__What is needed__: Write out each line below precisely, passing over the pictures.

__Saved data entries__:
_____
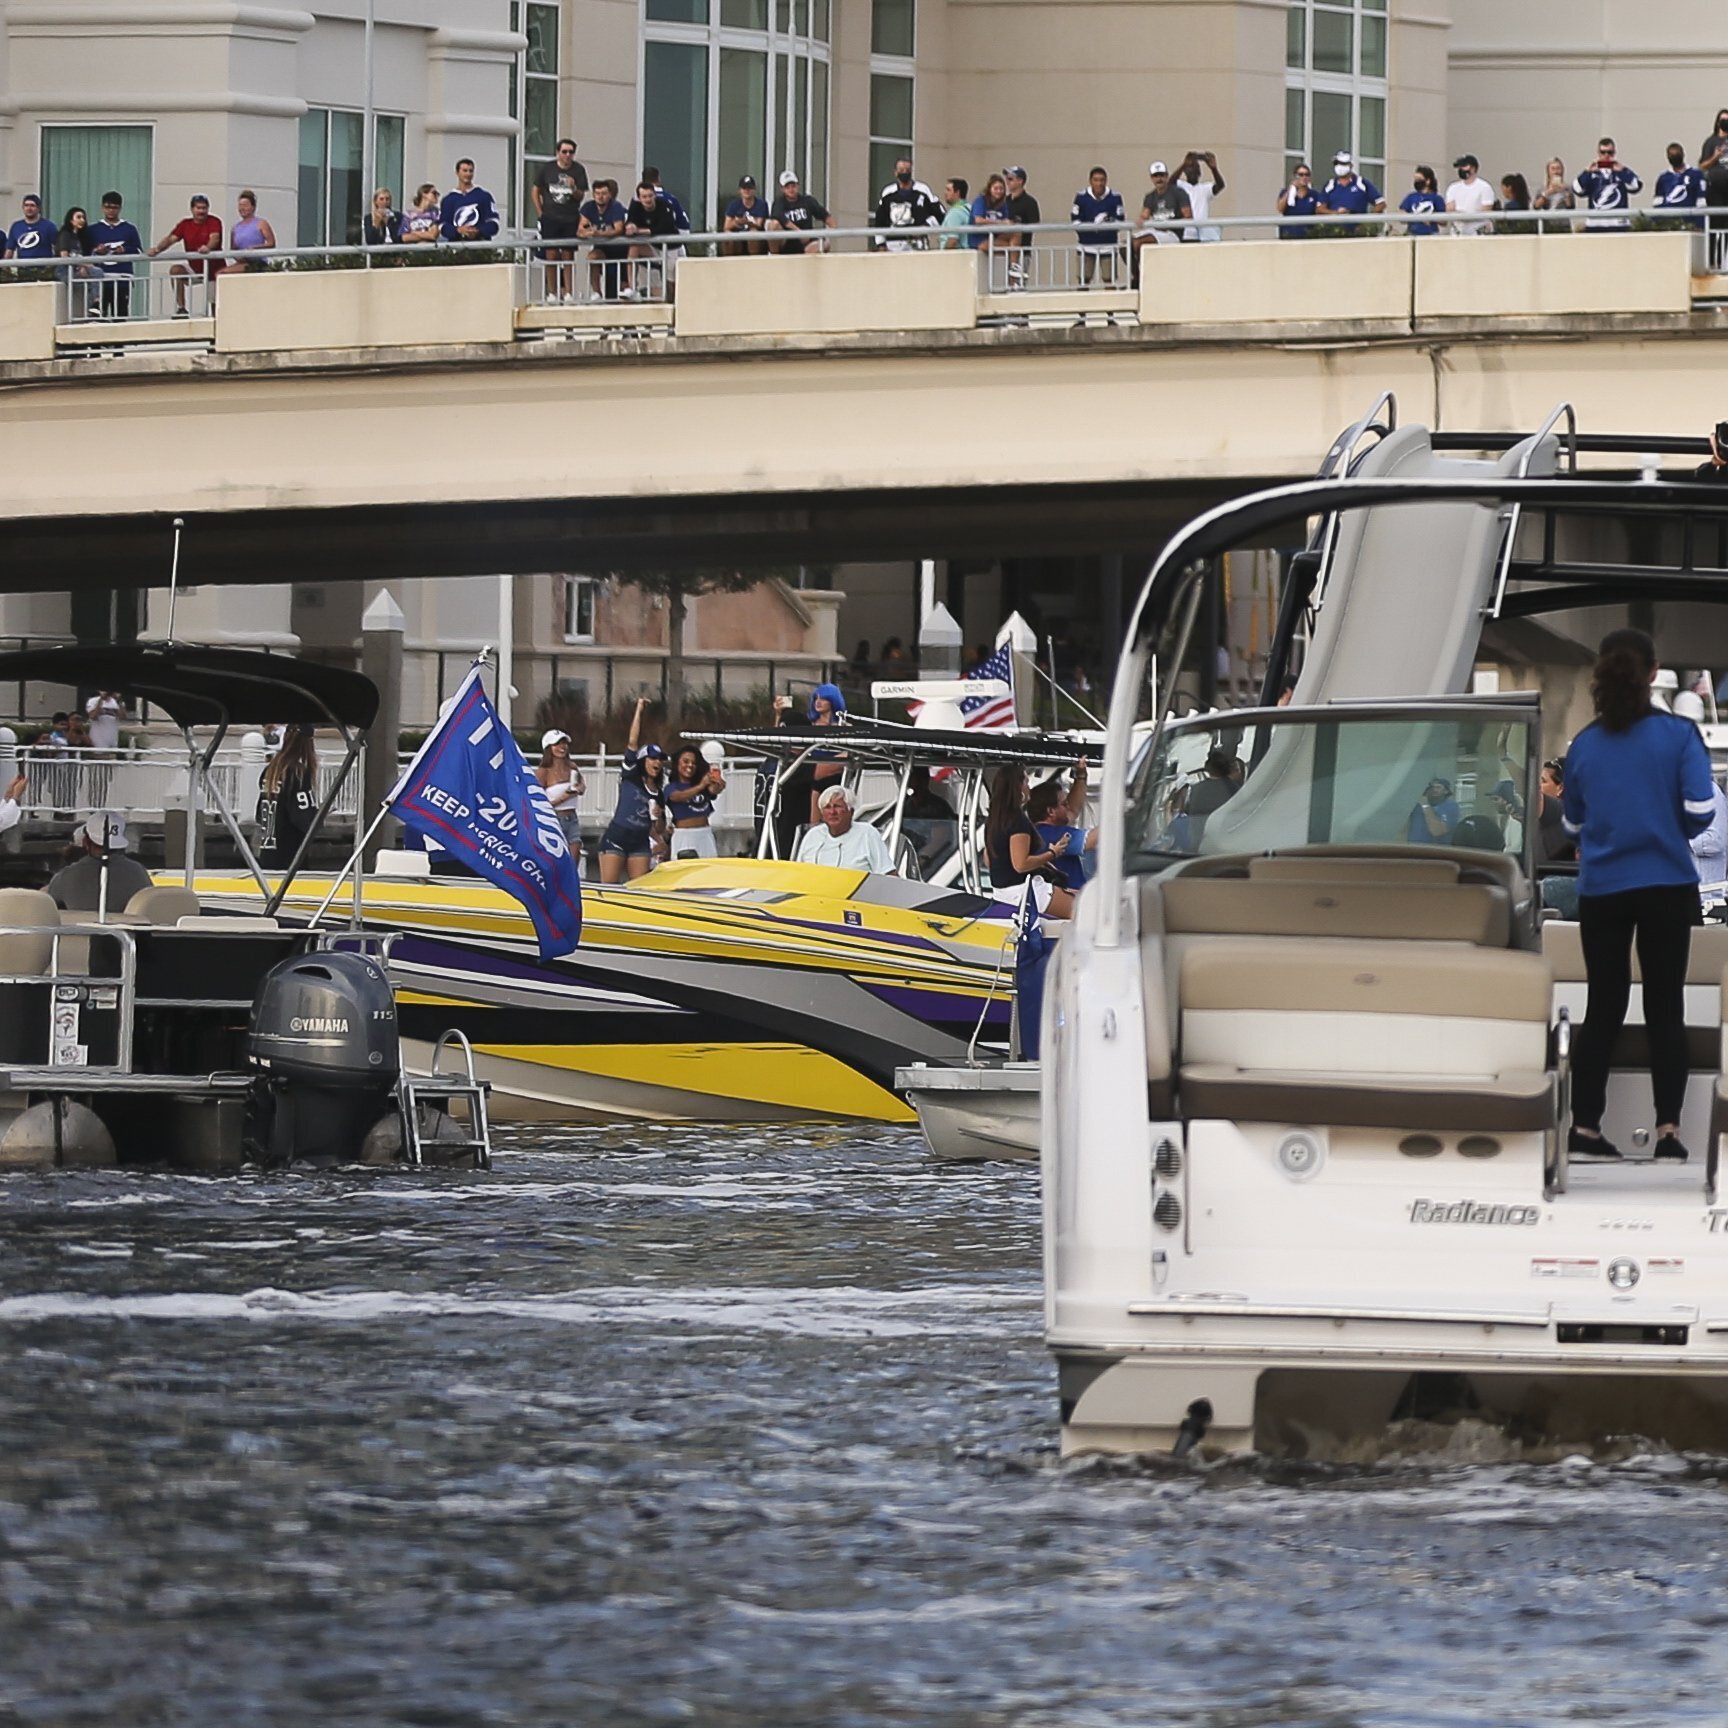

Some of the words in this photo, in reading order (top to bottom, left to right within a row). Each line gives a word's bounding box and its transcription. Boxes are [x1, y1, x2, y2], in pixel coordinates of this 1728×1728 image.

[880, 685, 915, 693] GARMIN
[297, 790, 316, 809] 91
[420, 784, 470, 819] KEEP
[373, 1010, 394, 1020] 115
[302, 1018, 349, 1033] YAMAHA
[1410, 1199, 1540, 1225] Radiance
_____
__Solution to this exercise__:
Some of the words in this photo, in reading order (top to bottom, left to right within a row). Each line gives a word's bounding box and its transcription. Boxes are [x1, y1, x2, y2], in pixel coordinates of this 1728×1728 image.

[880, 685, 915, 693] GARMIN
[297, 790, 316, 809] 91
[420, 784, 470, 819] KEEP
[373, 1010, 394, 1020] 115
[302, 1018, 349, 1033] YAMAHA
[1410, 1199, 1540, 1225] Radiance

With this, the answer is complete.